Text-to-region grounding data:
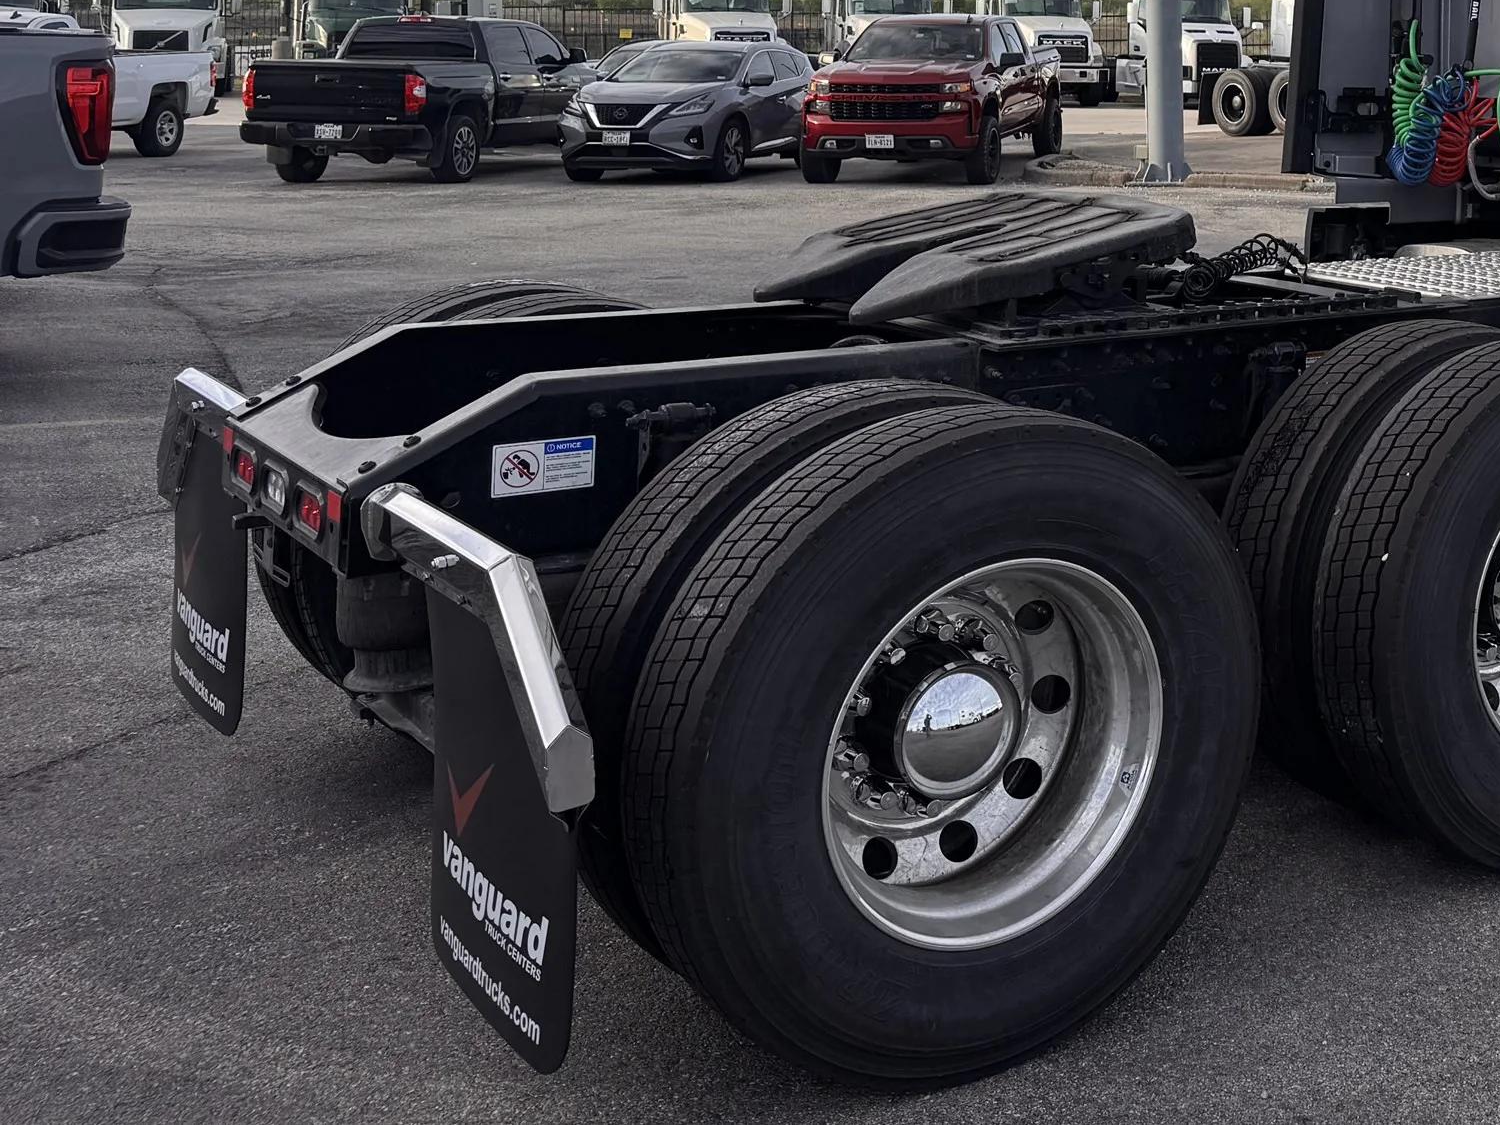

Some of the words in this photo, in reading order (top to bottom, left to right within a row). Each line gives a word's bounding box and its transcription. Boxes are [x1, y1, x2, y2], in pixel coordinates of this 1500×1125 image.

[556, 441, 582, 450] NOTICE
[177, 587, 230, 663] vanguard
[206, 652, 226, 674] CENTERS
[443, 830, 550, 966] vanguard
[440, 915, 540, 1045] vanguardtrucks.com
[484, 919, 507, 951] TRUCK
[507, 944, 542, 982] CENTERS
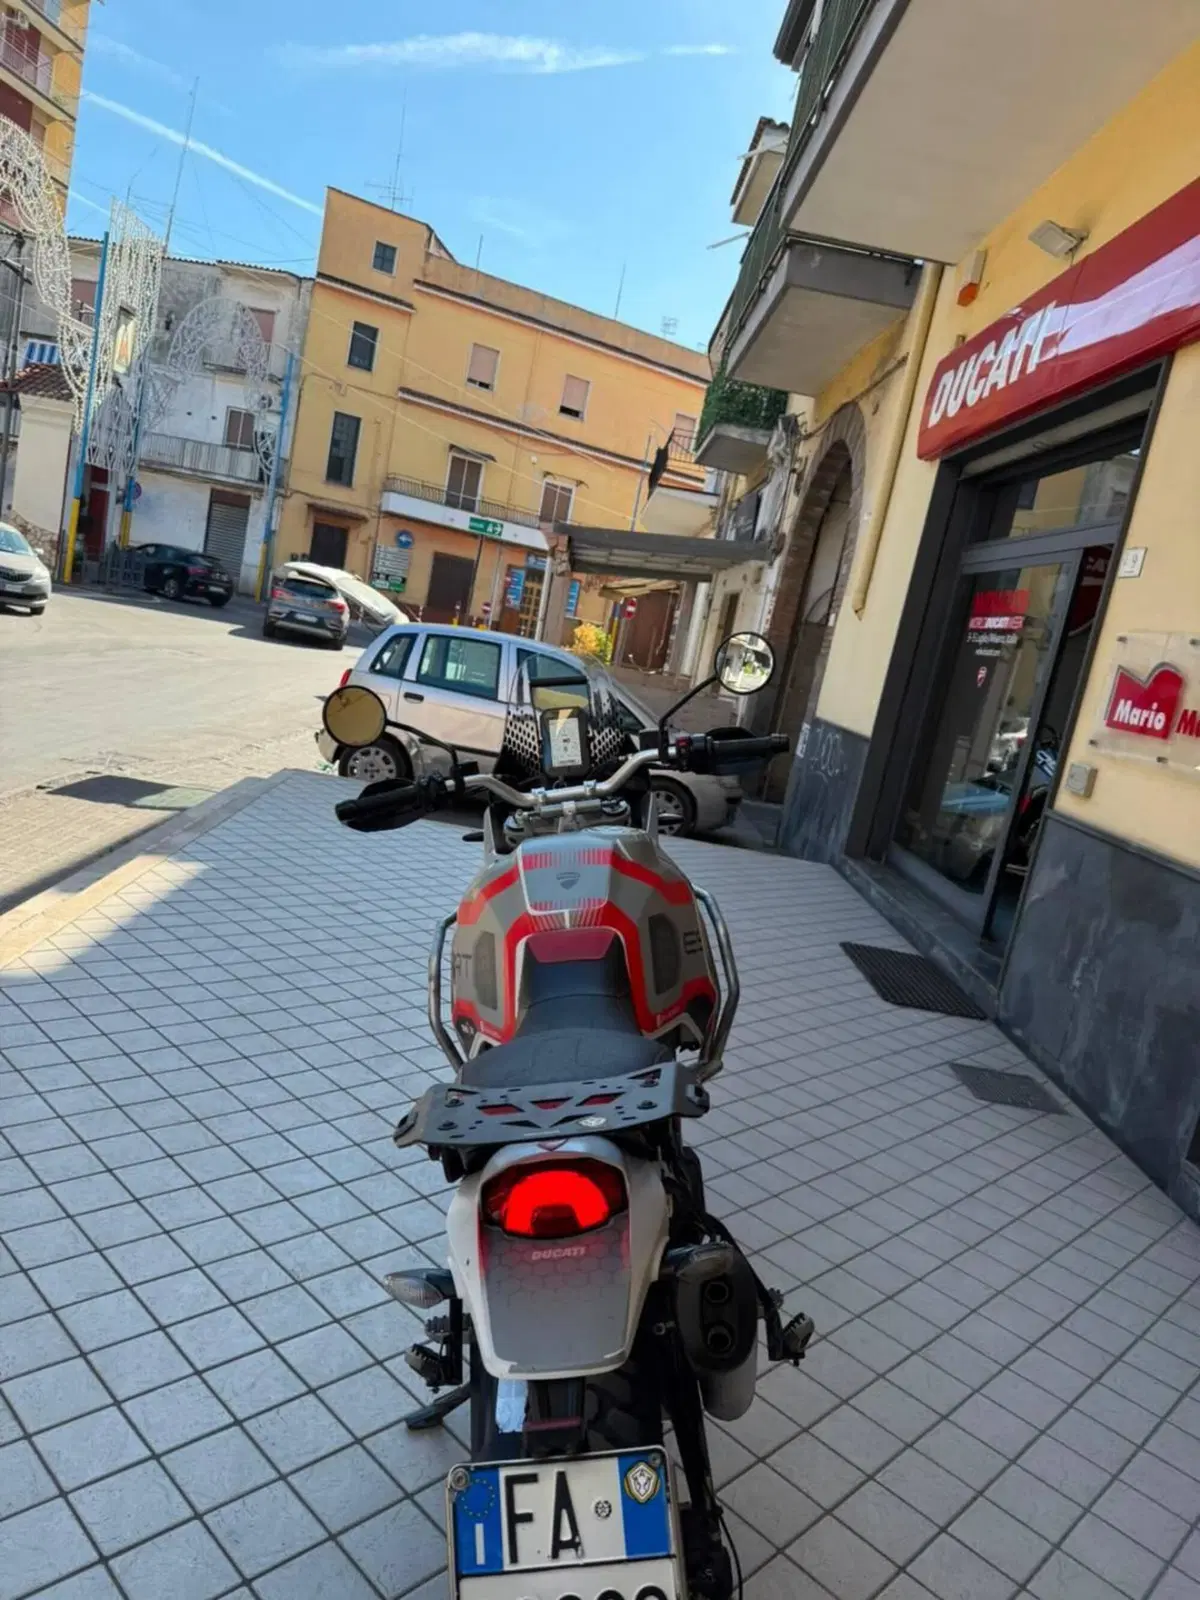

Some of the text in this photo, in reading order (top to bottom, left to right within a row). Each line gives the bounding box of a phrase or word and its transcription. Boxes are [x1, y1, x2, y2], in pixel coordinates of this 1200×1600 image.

[928, 301, 1057, 428] DUCATI
[1113, 698, 1166, 730] Mario
[531, 1246, 586, 1261] DUCATI
[504, 1470, 581, 1564] FA
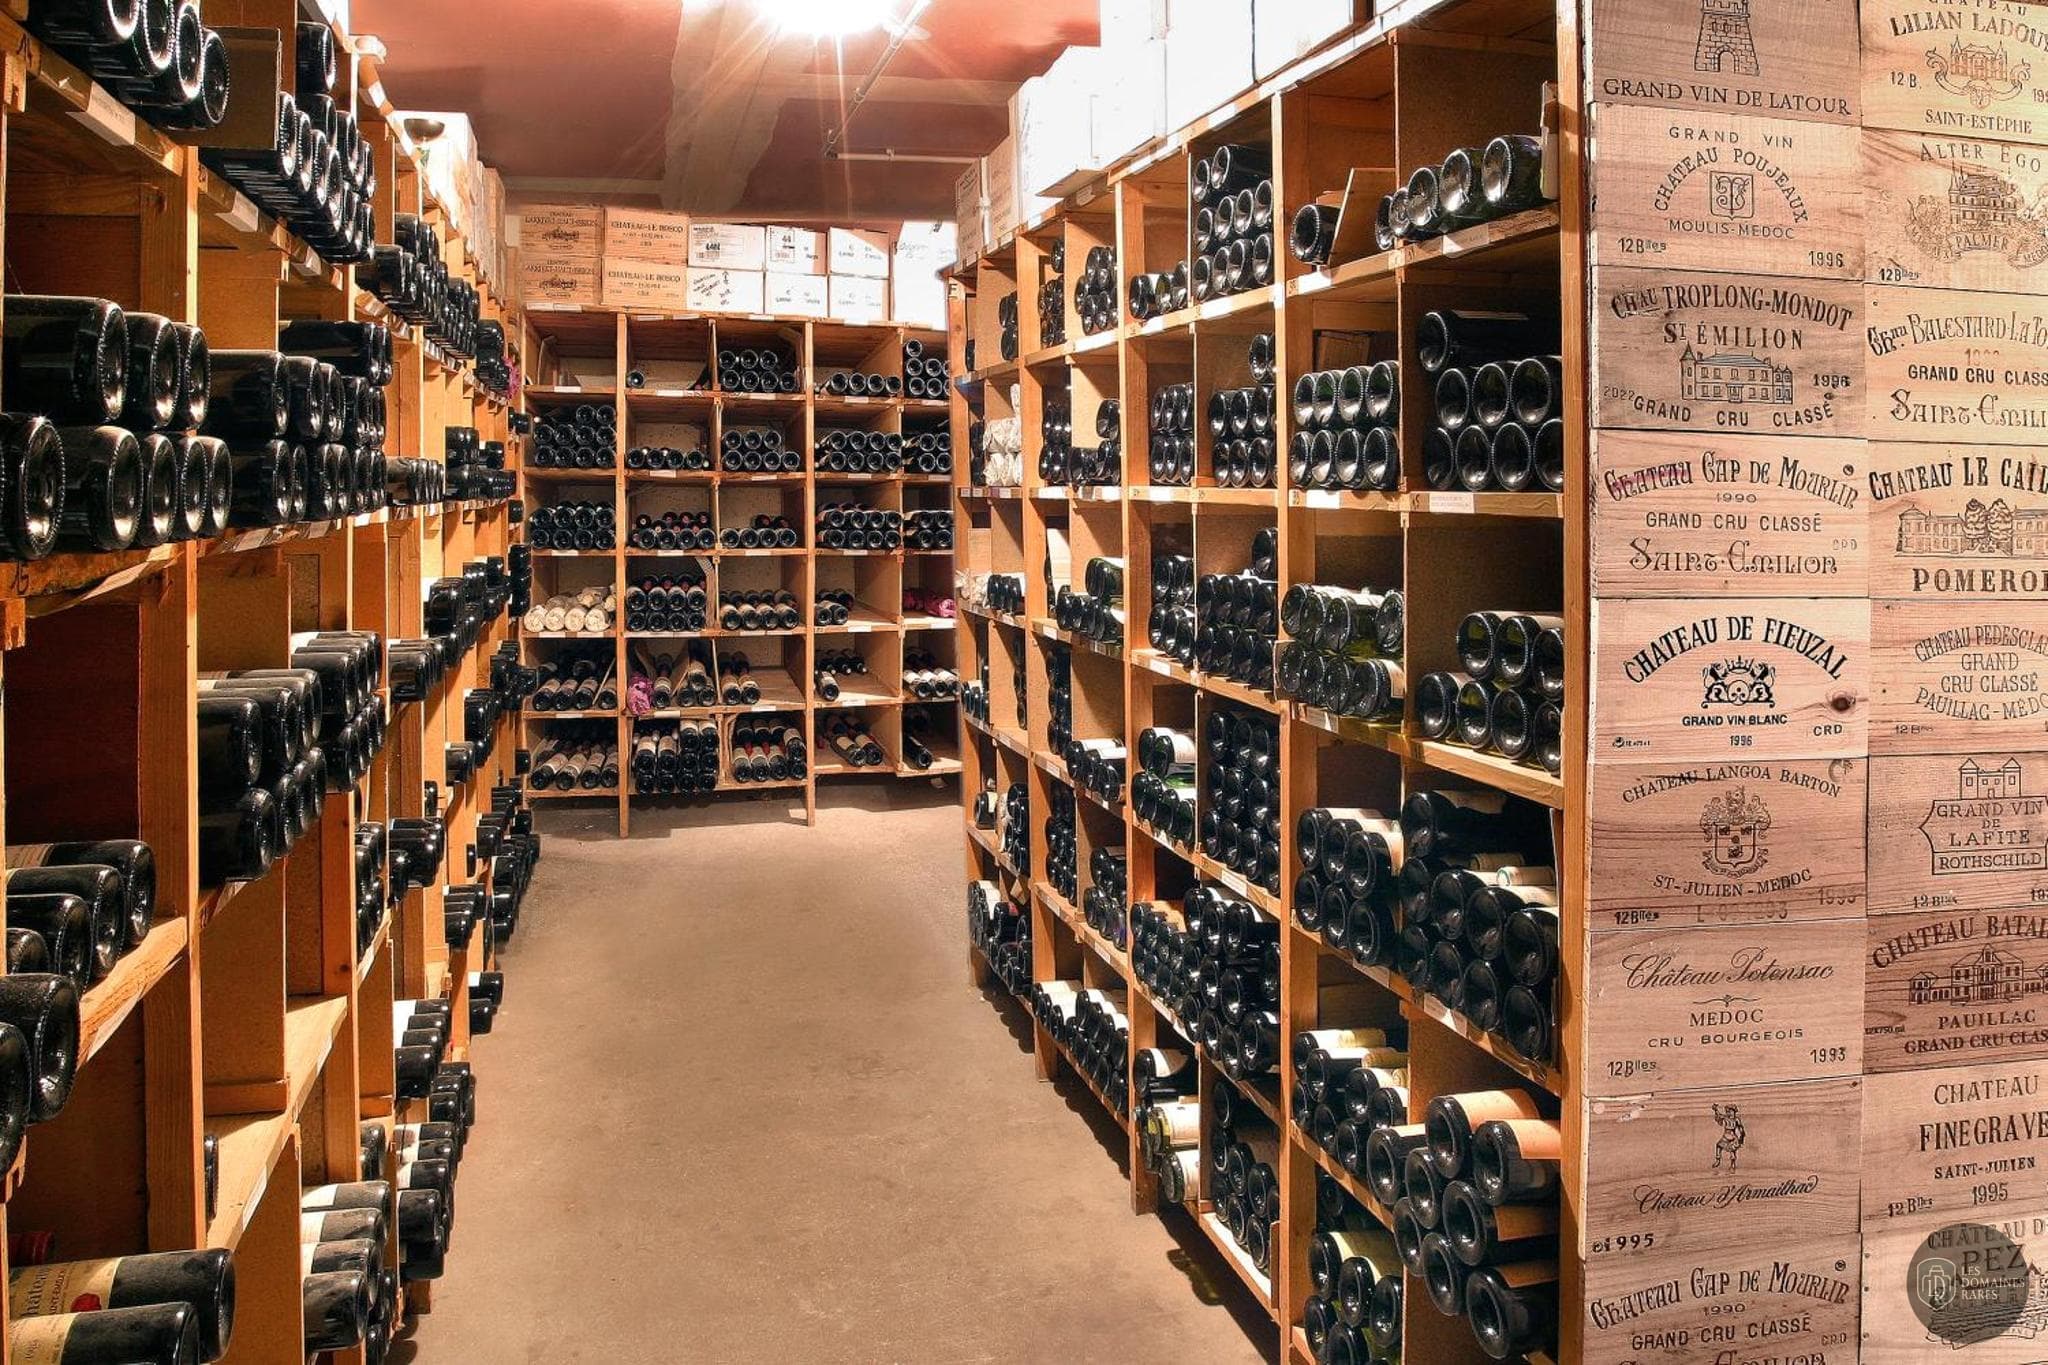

WHAT YOU SHOULD DO: In the records above, find the line containing "Some of the text". Reproduce it and every line after it through the last line, omitting pictures.

PROBLEM SOLUTION:
Some of the text in this photo, in reading order (top to bottom, left to right within a row). Each line gives the bounding box of a phrase or word and its transcription. Boxes are [x1, y1, x2, y2], in pixel coordinates of this 1200×1600 image.

[928, 301, 1057, 428] DUCATI
[1113, 698, 1166, 730] Mario
[531, 1246, 586, 1261] DUCATI
[504, 1470, 581, 1564] FA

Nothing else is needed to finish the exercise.